【ロールモデル】
ロールモデルとは
office TK 三池港1dayカフェ代表
石炭の積出港として明治に開港、重要港湾として栄えた三池港。三池炭鉱が閉山された後は、国際物流の拠点として世界とつながっている。2009年に、九州・山口の近代化産業遺産群としてユネスコの世界遺産暫定一覧表にも記載された。飲食施設も無く一般市民がなかなか足を踏み入れることのなかったこの港に、2009年3月カフェが出店した。港の歴史や美しさを肌で感じながらコーヒーを楽しむ「三池港1dayカフェ」。福岡県大牟田土木事務所(現南筑後県土整備事務所)との協働プログラムにより開催した。初の試みだったが話題を呼び、かつての港湾労働者や若い世代など、予想をはるかに超えた多くの人が訪れた。
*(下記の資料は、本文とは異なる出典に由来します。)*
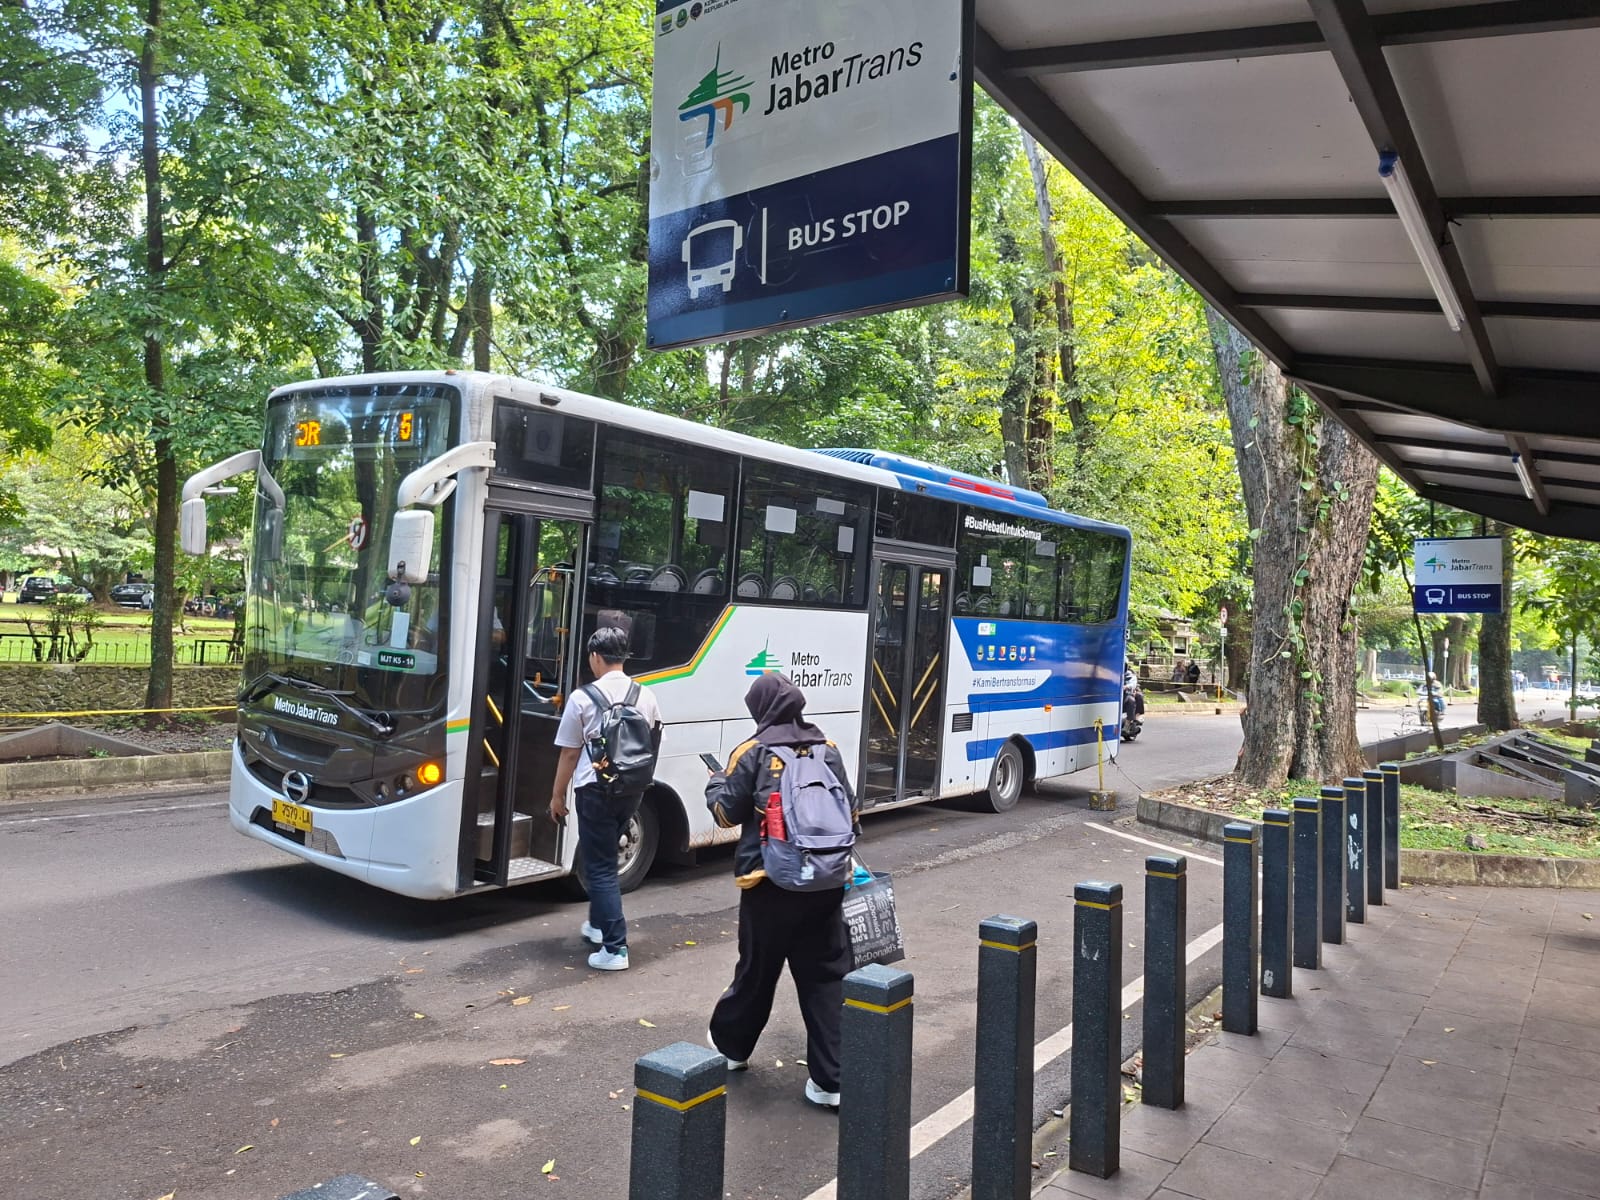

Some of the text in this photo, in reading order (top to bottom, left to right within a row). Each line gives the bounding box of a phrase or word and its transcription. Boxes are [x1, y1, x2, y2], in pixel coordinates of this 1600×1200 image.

[770, 41, 835, 79] Metro
[764, 41, 923, 116] JabarTrans
[788, 200, 910, 251] BUS STOP
[964, 515, 1042, 540] #BusHebatUntukSemua
[791, 652, 820, 666] Metro
[972, 675, 1037, 688] #KamiBertransformasi
[848, 916, 865, 926] McD
[850, 923, 867, 936] on
一日限りのはずが今は年数回、大牟田市のイベントで出店している。その発起人ともいうべき一人の女性が、田中久仁子さんだ。
「私にとって、ホテルは大学でした」。高校を卒業して大牟田のホテルに入社した田中さん。レストランに配属され現場での経験を積み、ホテル内の小さなショップの仕入れから販売までの全てを任された。次に企画室を経験するなど、店舗運営に関する業務とおもてなしの心を学んだ。また、その間テーブルマナー講師や日本料理食卓作法講師の資格を積極的に取得。持ち前のバイタリティでホテルの関連学院で講師も担うほどに。自分の希望を強く意識すれば、その思いはいつか遂げられる、「切なるは遂ぐる」という言葉を当時社長に教えられた。今でも田中さんの心の軸となっている。
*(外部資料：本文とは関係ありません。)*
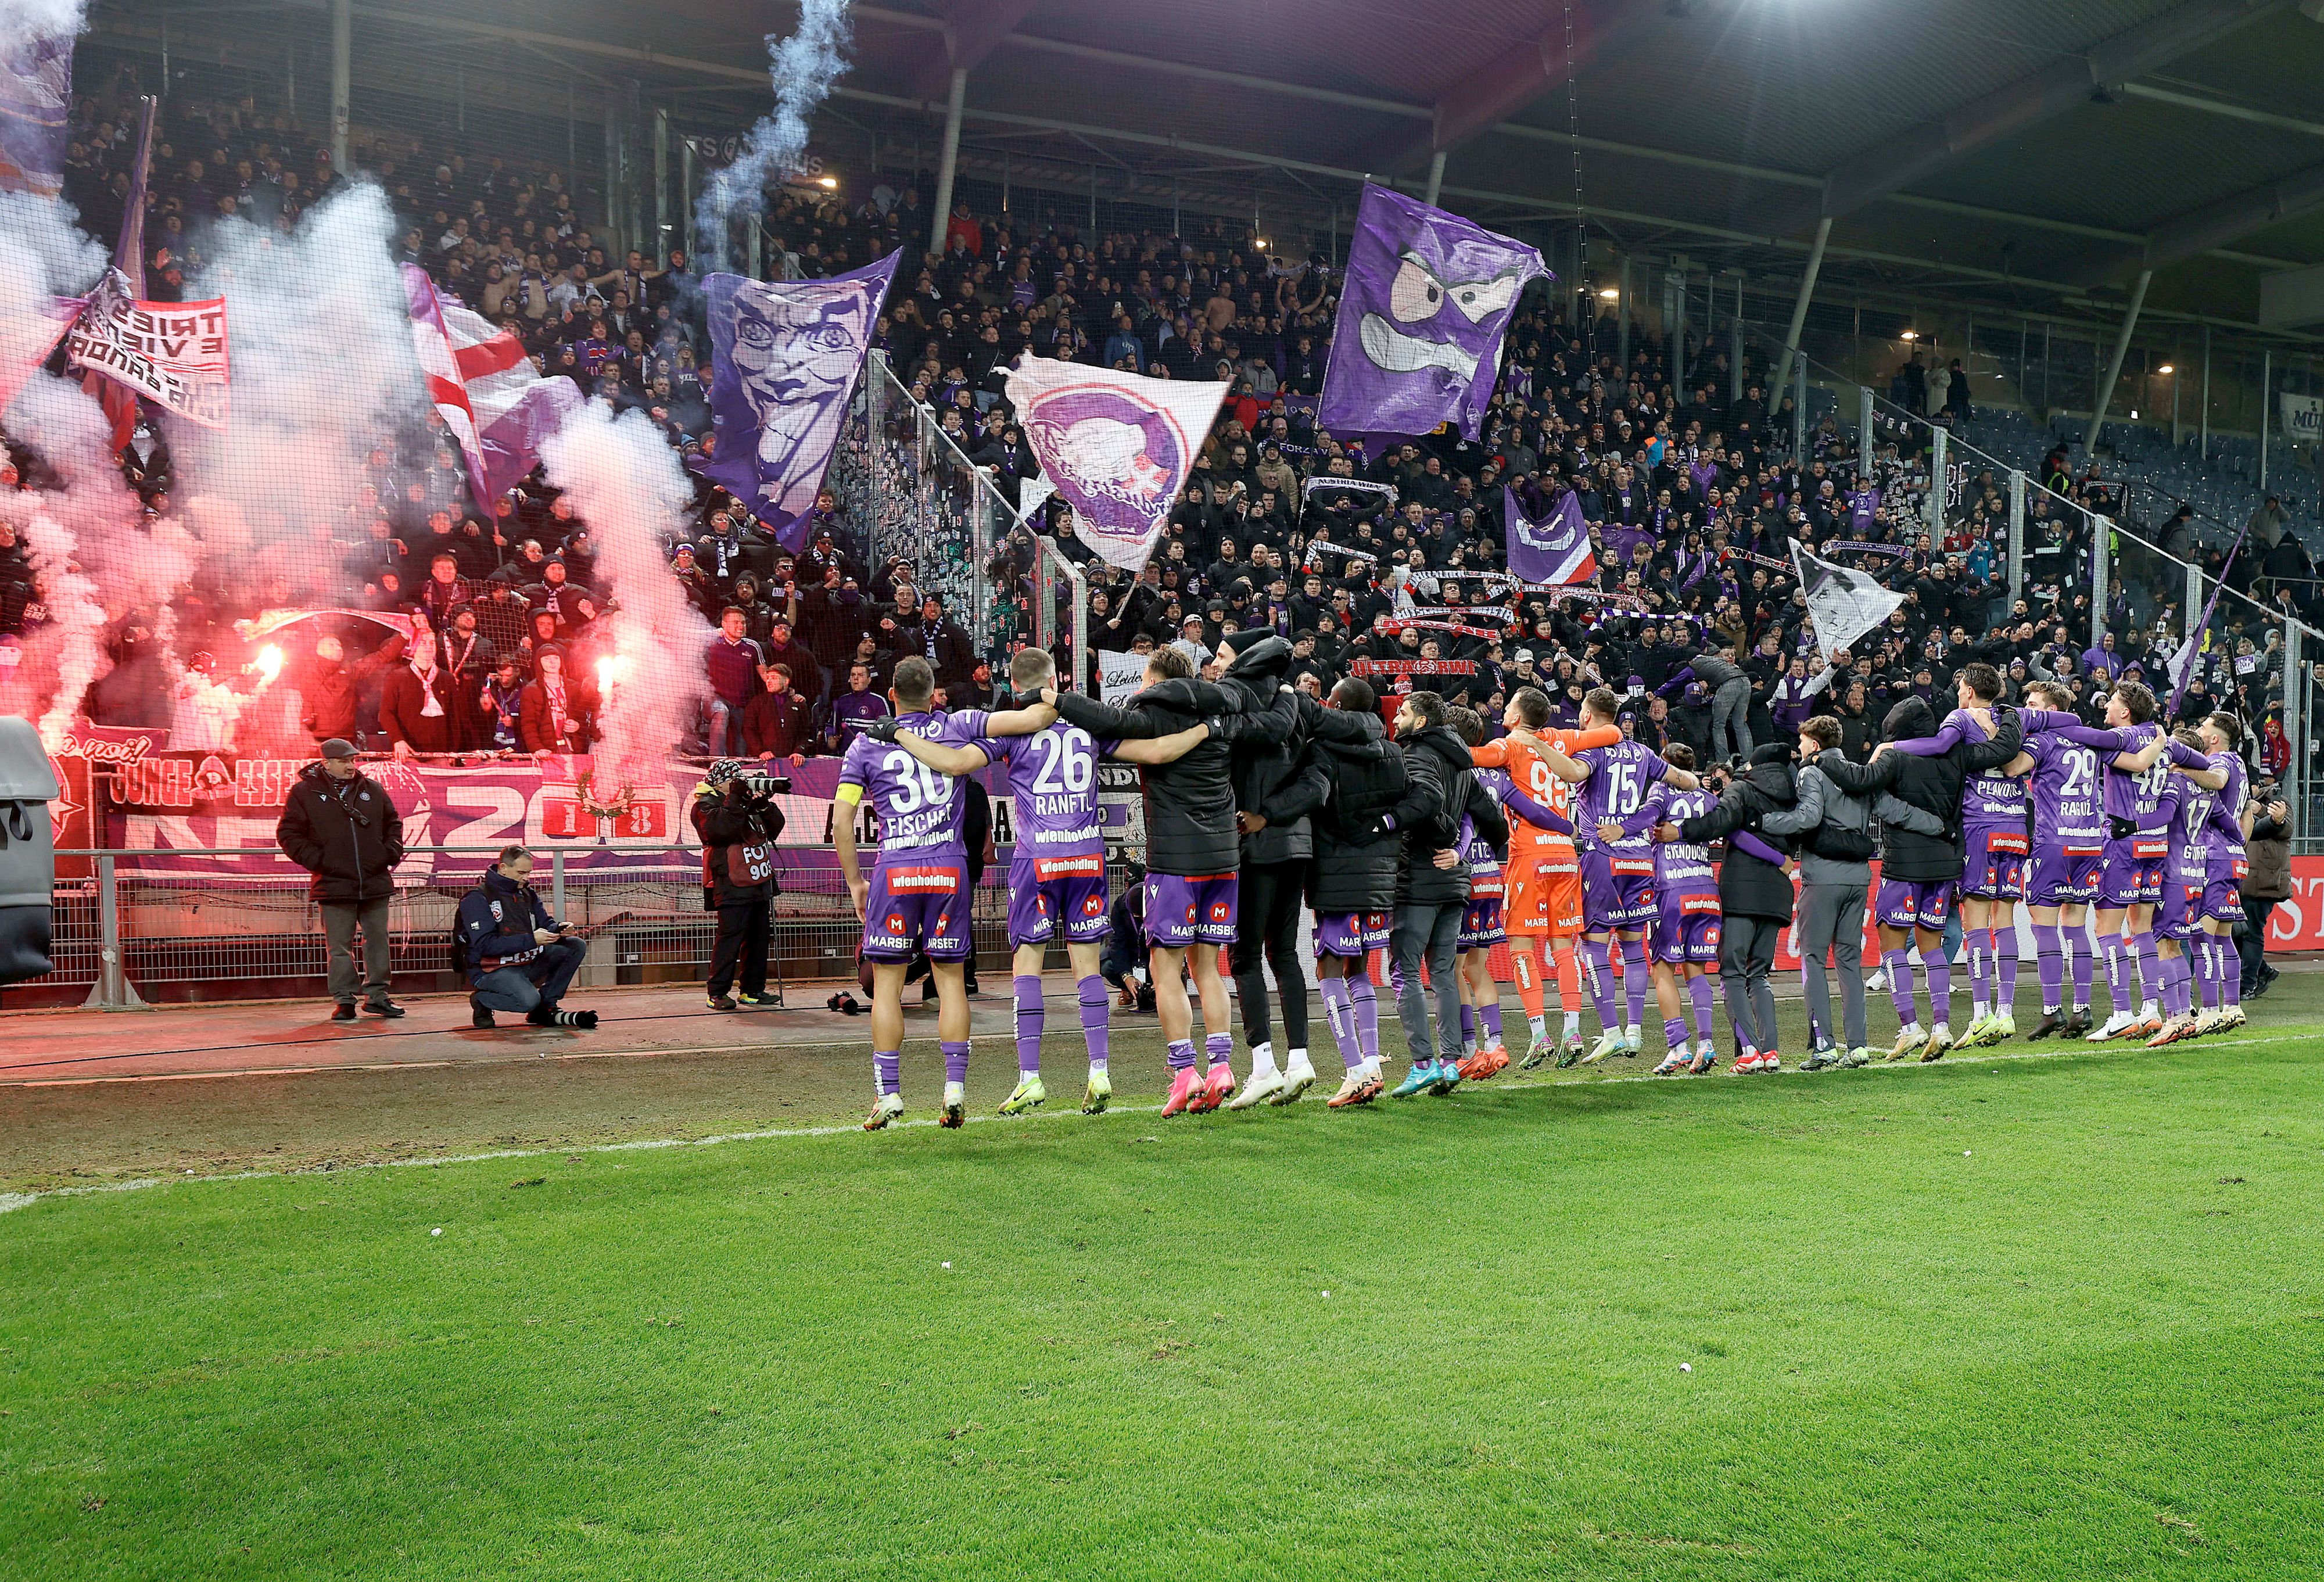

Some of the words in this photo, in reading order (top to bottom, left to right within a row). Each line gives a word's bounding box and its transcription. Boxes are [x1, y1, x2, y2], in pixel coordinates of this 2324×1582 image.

[1318, 478, 1357, 487] AUSTRIA
[1351, 660, 1415, 676] ULTRA
[1031, 728, 1092, 794] 26
[2060, 747, 2096, 797] 29
[883, 749, 954, 813] 30
[1530, 760, 1569, 809] 99
[1606, 761, 1640, 815] 15
[1036, 792, 1093, 815] RANFTL
[886, 803, 954, 837] FISCHER
[2186, 799, 2211, 844] 17
[743, 842, 769, 864] FOT
[1040, 859, 1099, 874] wienholding
[1537, 863, 1579, 874] wienholding
[1615, 861, 1653, 871] wienholding
[892, 874, 956, 888] wienholding
[2151, 874, 2158, 883] M
[1086, 901, 1098, 912] M
[1214, 907, 1225, 917] M
[1628, 904, 1658, 918] MARSB
[1371, 915, 1380, 925] M
[1524, 917, 1548, 927] MARS
[1891, 911, 1917, 921] MARS
[891, 919, 902, 930] M
[936, 919, 947, 930] M
[1477, 927, 1504, 941] MARSB
[1707, 931, 1716, 941] M
[1691, 945, 1717, 955] MARS
[2107, 945, 2119, 986] wienholding
[1585, 953, 1602, 998] wienholding
幼い頃、母親を亡くした田中さんは父1人子ひとり。高齢の父親は入退院の繰り返しで、長い間、仕事と介護の両立を余儀なくされ、やがて15年間務めたホテルを退職した。そんなとき、知人からの依頼でイタリアンレストランの立ち上げ準備に携わることに。「頼まれたら断らない」という田中さんの元には、いつも様々な依頼が飛び込んでくる。結婚、出産と生活環境も大きく変わる中、ブライダルオペレーションの仕事や旧三井港倶楽部のブライダル部門の立ち上げにも携わった。
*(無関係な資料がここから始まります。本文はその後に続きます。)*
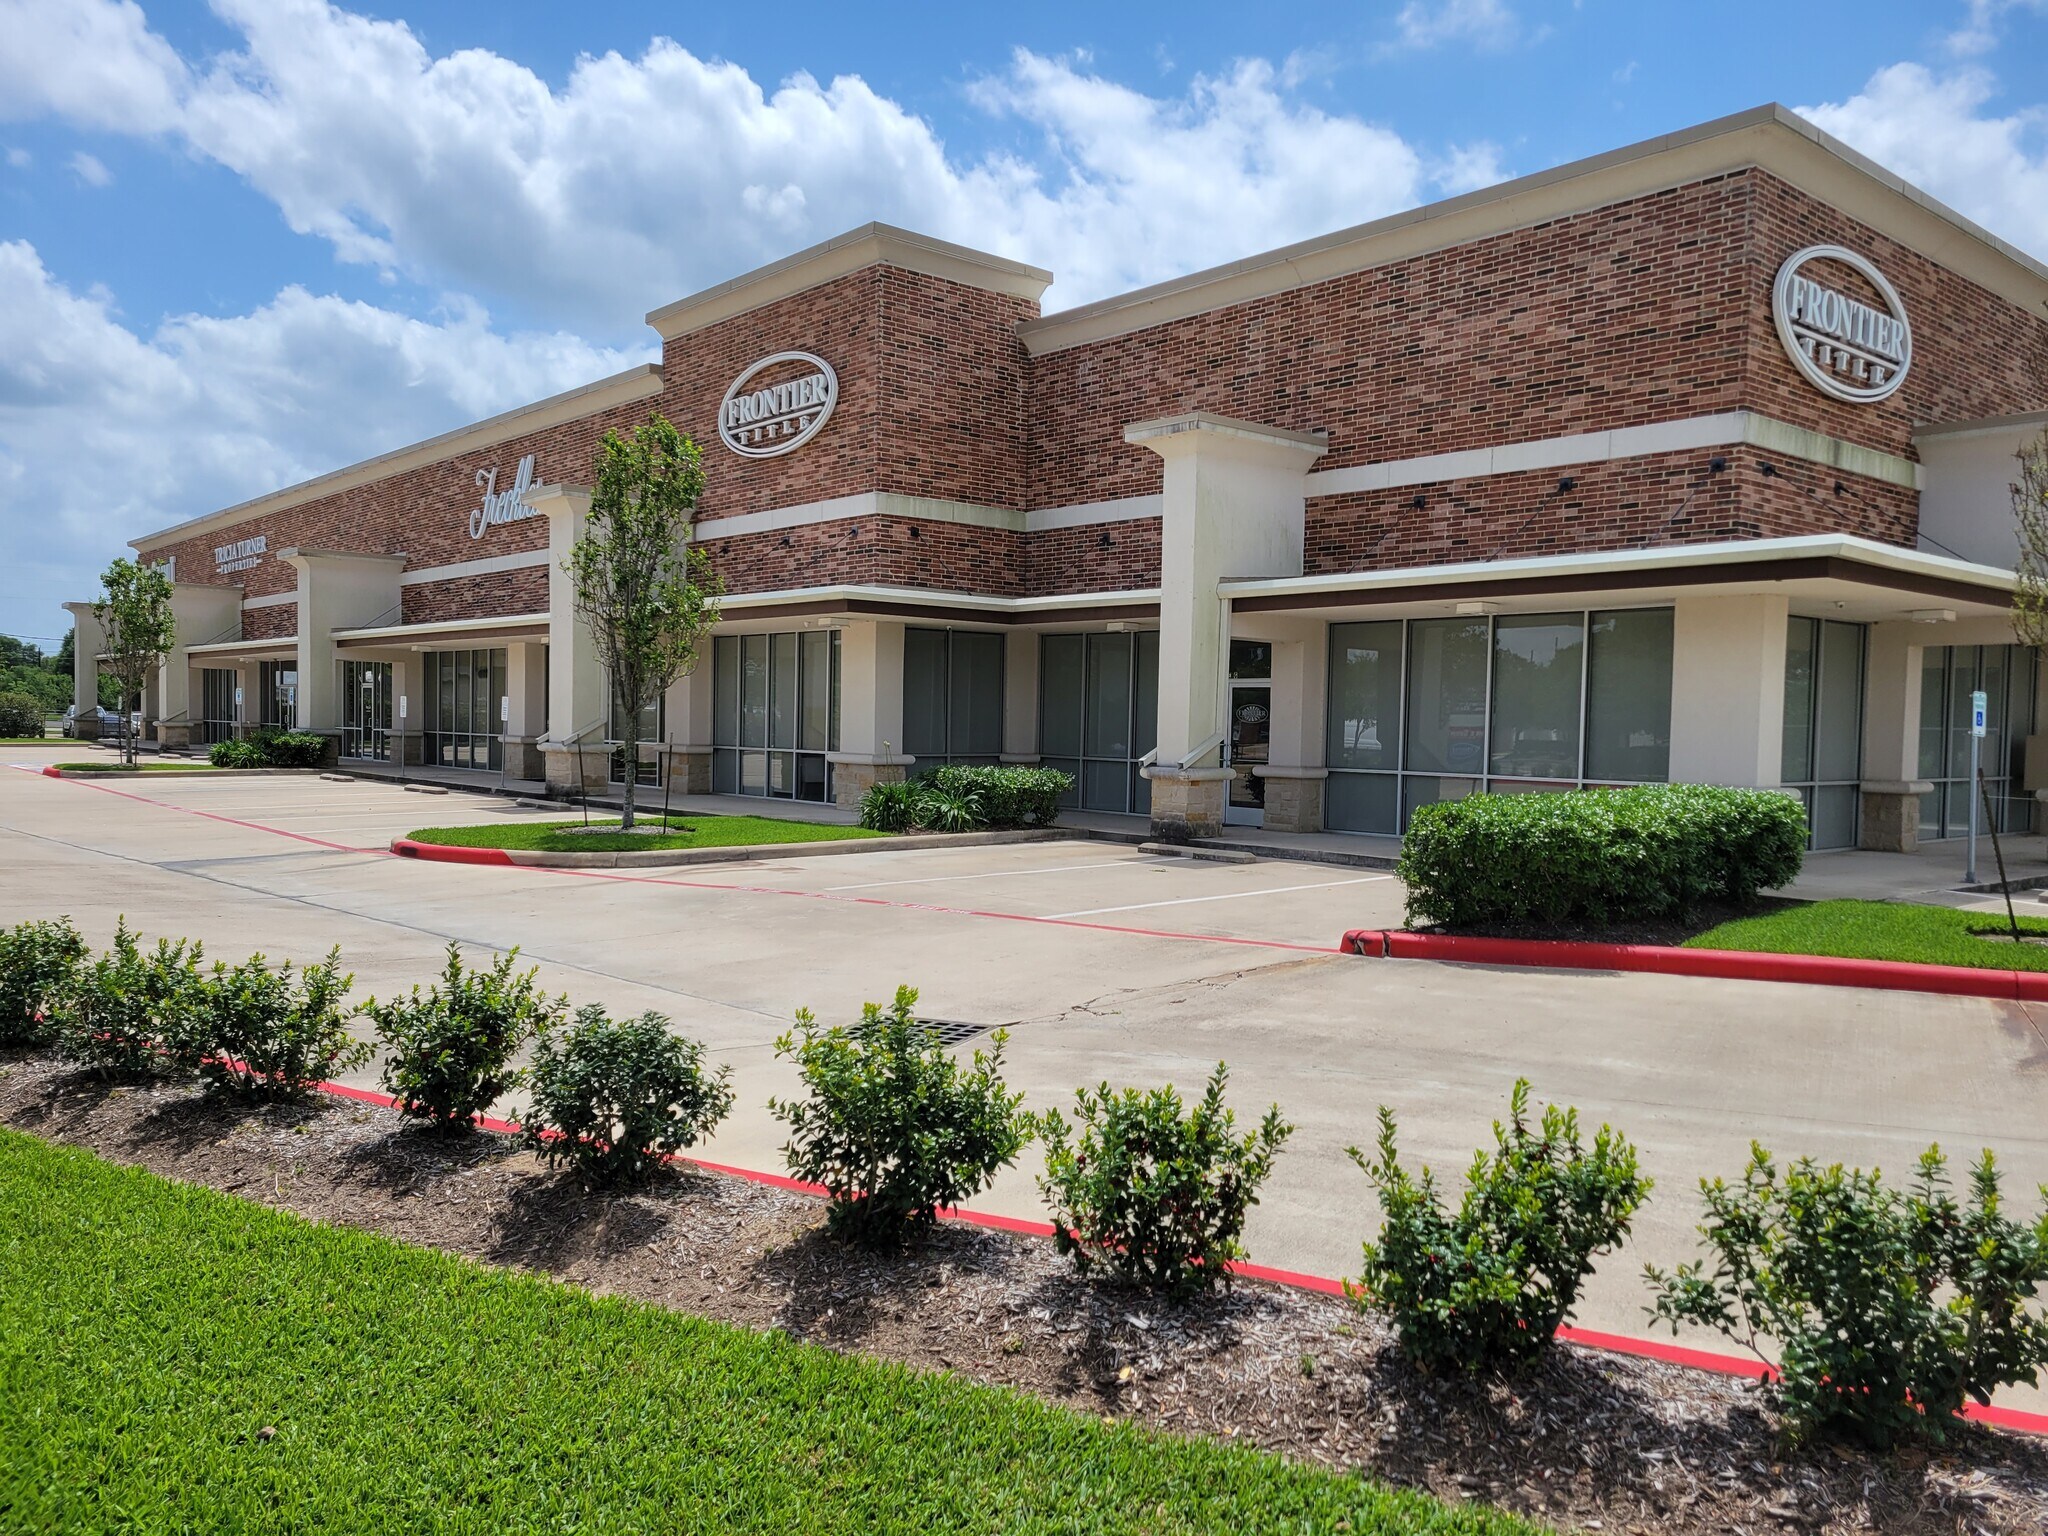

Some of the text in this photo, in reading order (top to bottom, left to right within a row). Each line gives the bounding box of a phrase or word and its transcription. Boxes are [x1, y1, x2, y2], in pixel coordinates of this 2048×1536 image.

[1789, 274, 1905, 362] FRONTIER
[1800, 337, 1886, 386] TITLE
[726, 373, 829, 428] FRONTIER
[739, 415, 811, 445] TITLE
[237, 536, 268, 557] TURNER
三池炭鉱が閉山して15年。姿を変えていく大牟田の町に、活力を望む声があちこちから聞こえる。子育て情報誌の座談会や、世界遺産セミナーのパネリスト、大牟田特産品開発推進委員やおおむた大蛇山まつり規則・審査委員を引き受けた。彼女の根底にある、ホスピタリティから発せられる言葉が、いつしか地域おこしの活動には、欠かせない存在となっていた。ホテルにいた頃は、考えもしなかった観光地としての大牟田。多種多様な活動に参加しているうちに、この地の魅力を地元はもちろん、他の地域の人にも知ってほしいと考えるようになったそうだ。人を過ごしやすくしてあげたいという気持ちから湧き出る、その実行力と発信力を買われ「三池港の将来を考える会議」に参加し、「三池港1dayカフェ」へと発展していく。
男が働く町として栄えた大牟田だが、ここで生まれ育ったひとりの女性の新しく楽しい発案から、すこしづつ変わり始めている。やり始めるとトコトンやらないと気が済まない。目の前にある問題を見過ごせない。そこから自分のやりがいを見出す不思議な魅力の持ち主の田中さん。
80周年を迎える大牟田商工会議所に、初の女性会ができ、その発起人の会に参加することになった。今後いろいろな繋がりが益々増えてくる。もう、炭鉱が負の遺産と感じる世代も少なくなってきている。それと共に、町が衰退するのではなく、みんなの声を集めて、女性の視点で加工して、そしてまた発信。これからも田中さんの発信する言葉のひとつひとつが、町を変えていくきっかけになるだろう。
(2012年10月取材)
一番大事な家族。その家族のもとに帰る前には必ず、カフェでお茶をする一人の時間を持つ。サワサワした心のまま戻らない。15分位のほんの少しの時間、スケジュール帳を見たり本を読んだり、少し頭を整理すると頭の余地ができてきて、精神のバランスが取れてくるそうだ。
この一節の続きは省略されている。